AWS Boto3 Example

Create IAM user

Firstly, create an IAM user with programmatic access enabled. Attach the following managed policies:

iam-user

Save your access key and secret key in a secure location. Create a file called credentials.cfg with the following contents:

Contents of credentials.cfg:

[AWS]
KEY=<your-access-key-for-the-iam-user>
SECRET=<your-secret-key-for-the-iam-user>
import configparser
config = configparser.ConfigParser()
config.read_file(open('credentials.cfg'))
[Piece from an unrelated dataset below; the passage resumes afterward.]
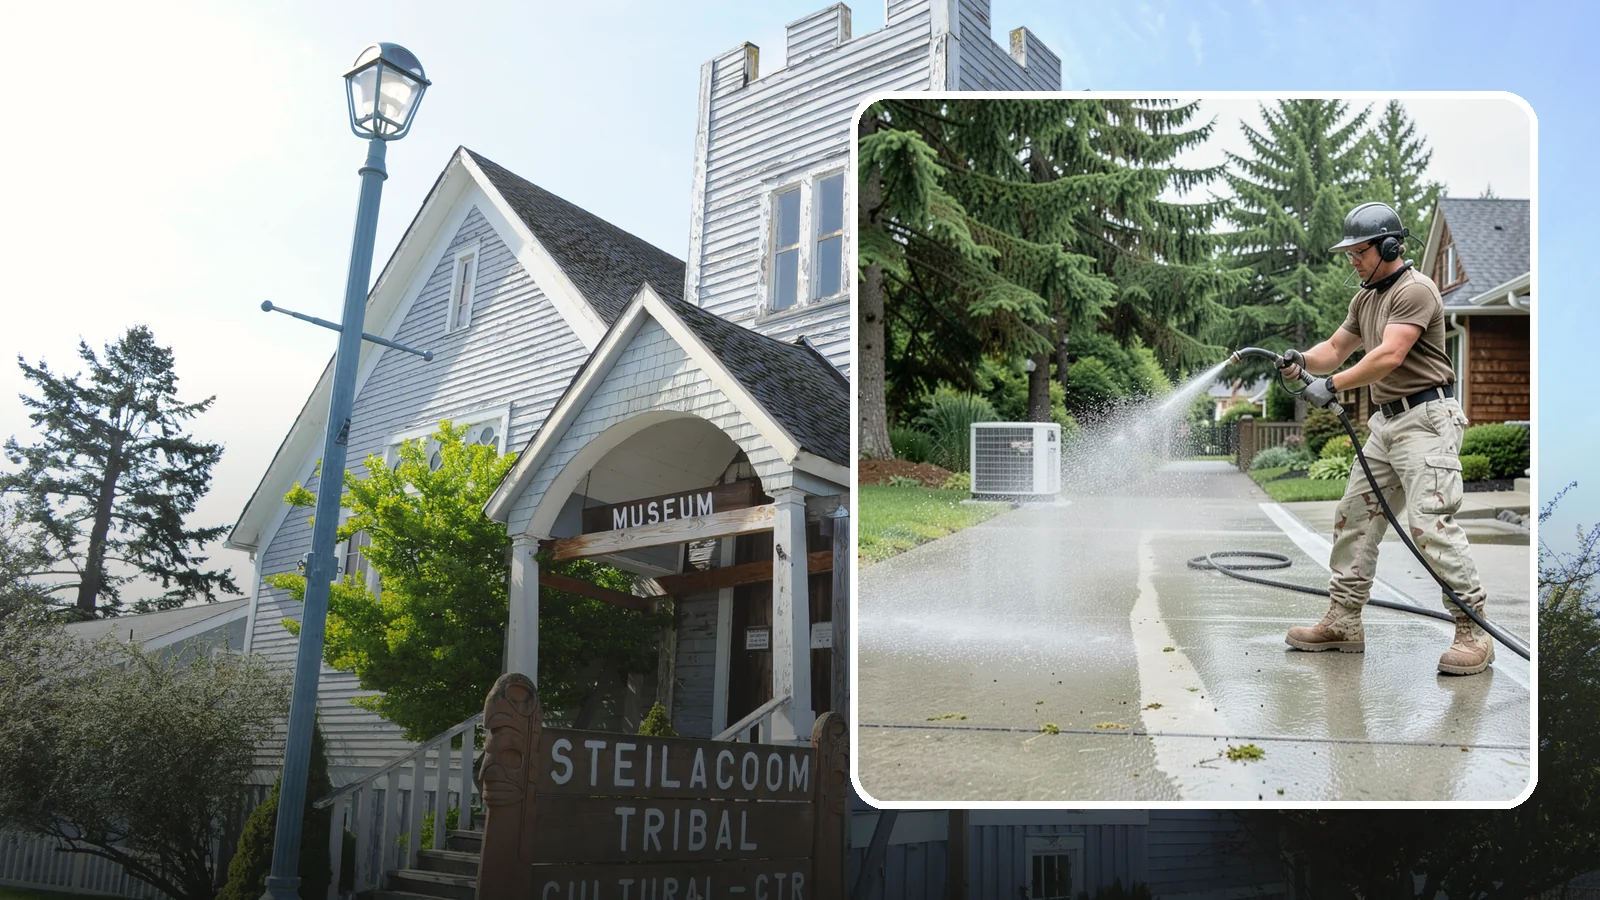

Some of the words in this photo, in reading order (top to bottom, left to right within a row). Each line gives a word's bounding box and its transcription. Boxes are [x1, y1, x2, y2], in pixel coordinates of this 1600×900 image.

KEY = config.get('AWS','KEY')
SECRET = config.get('AWS','SECRET')
import boto3

# Generate the boto3 client for interacting with S3
dynamodb = boto3.client('s3', region_name='us-east-1',
                        # Set up AWS credentials
                        aws_access_key_id=KEY,
                        aws_secret_access_key=SECRET)

AWS Buckets

S3 let’s us put any file in the cloud, and make it accessible anywhere in the world through a URL. Managing cloud storage is a key-component of a data pipeline. Many services depend on an object being uploaded to S3. The main components of S3 are Buckets and Objects. Buckets are like directories on our desktop and Objects are like files in those folders. (Just like directories can have some permissions, buckets have some policies). But there is a lot of power hidden underneath a Bucket (i.e, it is not merely a directory).
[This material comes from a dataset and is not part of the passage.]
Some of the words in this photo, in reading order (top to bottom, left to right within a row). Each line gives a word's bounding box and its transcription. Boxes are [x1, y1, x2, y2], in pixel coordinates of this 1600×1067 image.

  • Buckets have their own permission policies.
  • Buckets can be configured to act as directories for a static website.
  • Buckets can generate logs about their own activity and in-turn store them to another bucket.

The most important thing that Buckets do is they contain Objects.

objects

An object can be anything: a csv file, log file, image file, audio, video etc. There are plenty of operations that we can do with objects.
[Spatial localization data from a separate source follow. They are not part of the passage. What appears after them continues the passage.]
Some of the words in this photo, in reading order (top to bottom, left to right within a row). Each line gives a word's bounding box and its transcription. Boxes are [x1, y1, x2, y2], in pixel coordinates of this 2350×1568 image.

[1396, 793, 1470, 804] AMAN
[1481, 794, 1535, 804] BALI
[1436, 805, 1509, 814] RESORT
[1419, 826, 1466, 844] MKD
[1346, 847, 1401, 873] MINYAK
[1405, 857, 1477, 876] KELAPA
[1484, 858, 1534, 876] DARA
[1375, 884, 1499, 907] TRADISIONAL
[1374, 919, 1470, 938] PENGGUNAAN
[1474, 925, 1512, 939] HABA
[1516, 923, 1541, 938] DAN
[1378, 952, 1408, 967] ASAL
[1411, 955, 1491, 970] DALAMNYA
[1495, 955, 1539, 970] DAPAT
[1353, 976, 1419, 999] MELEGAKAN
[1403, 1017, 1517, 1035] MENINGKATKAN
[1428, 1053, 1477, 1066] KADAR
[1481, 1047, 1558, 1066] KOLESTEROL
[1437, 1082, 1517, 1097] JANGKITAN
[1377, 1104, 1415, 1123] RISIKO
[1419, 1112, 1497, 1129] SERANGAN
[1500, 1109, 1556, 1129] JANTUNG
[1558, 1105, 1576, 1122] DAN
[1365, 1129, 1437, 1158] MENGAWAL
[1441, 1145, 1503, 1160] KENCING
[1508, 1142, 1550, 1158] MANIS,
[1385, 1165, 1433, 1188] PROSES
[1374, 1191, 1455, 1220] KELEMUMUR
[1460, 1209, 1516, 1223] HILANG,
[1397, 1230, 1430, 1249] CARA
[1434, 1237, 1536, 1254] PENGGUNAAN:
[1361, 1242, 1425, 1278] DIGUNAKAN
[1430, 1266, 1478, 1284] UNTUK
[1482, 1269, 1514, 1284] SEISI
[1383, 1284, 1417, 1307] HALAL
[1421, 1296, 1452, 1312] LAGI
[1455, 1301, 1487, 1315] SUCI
But for now, let’s focus on what we can do with Buckets with boto3:

  • We can create buckets
  • We can list buckets that we have in our account.
  • We can delete buckets

Creating a bucket

Let’s say we wish to create a bucket named: skuchkula-test-bucket

bucket_name = 'skuchkula-test-bucket'
temp_bucket = s3.create_bucket(Bucket=bucket_name)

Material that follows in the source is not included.